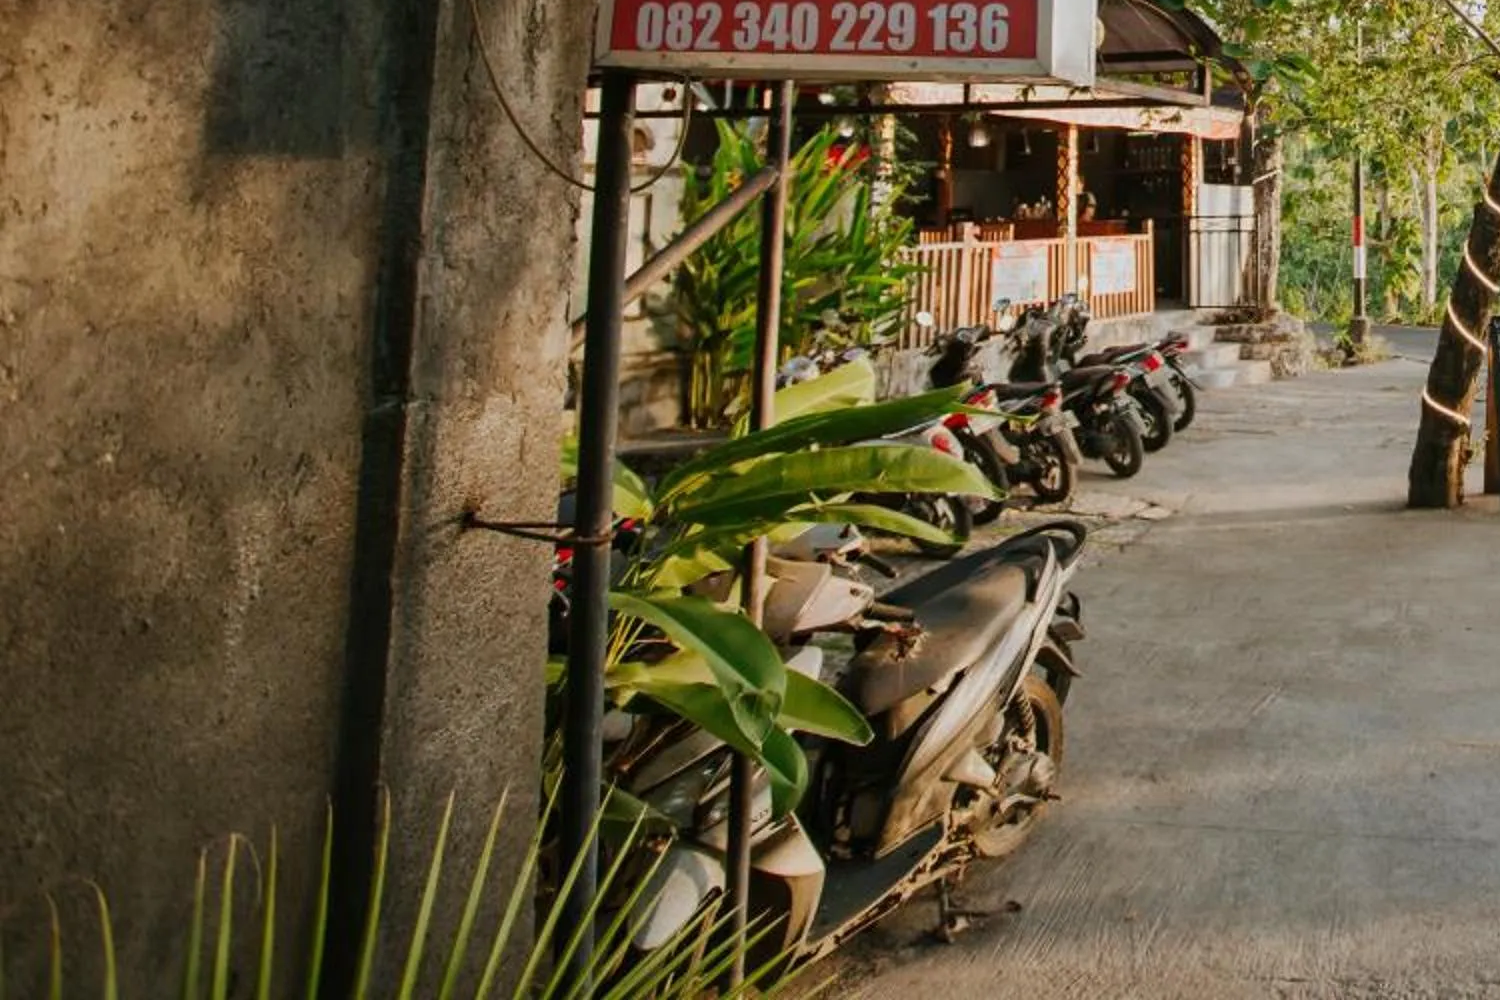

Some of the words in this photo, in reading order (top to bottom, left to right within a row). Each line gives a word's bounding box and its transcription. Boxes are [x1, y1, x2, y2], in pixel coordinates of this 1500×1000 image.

[636, 2, 721, 50] 082
[732, 3, 819, 51] 340
[830, 2, 915, 51] 229
[928, 3, 1009, 52] 136
*-*-*
TASK OBJECTIVE
The images are to be left out while the entries are written out exactly.

WRITTEN REPLY
Some of the words in this photo, in reading order (top to bottom, left to right within a row). Each line gives a word's bounding box and its transcription. Boxes are [x1, y1, x2, y2], in pixel coordinates of this 1500×1000 image.

[636, 2, 721, 50] 082
[732, 3, 819, 51] 340
[830, 2, 915, 51] 229
[928, 3, 1009, 52] 136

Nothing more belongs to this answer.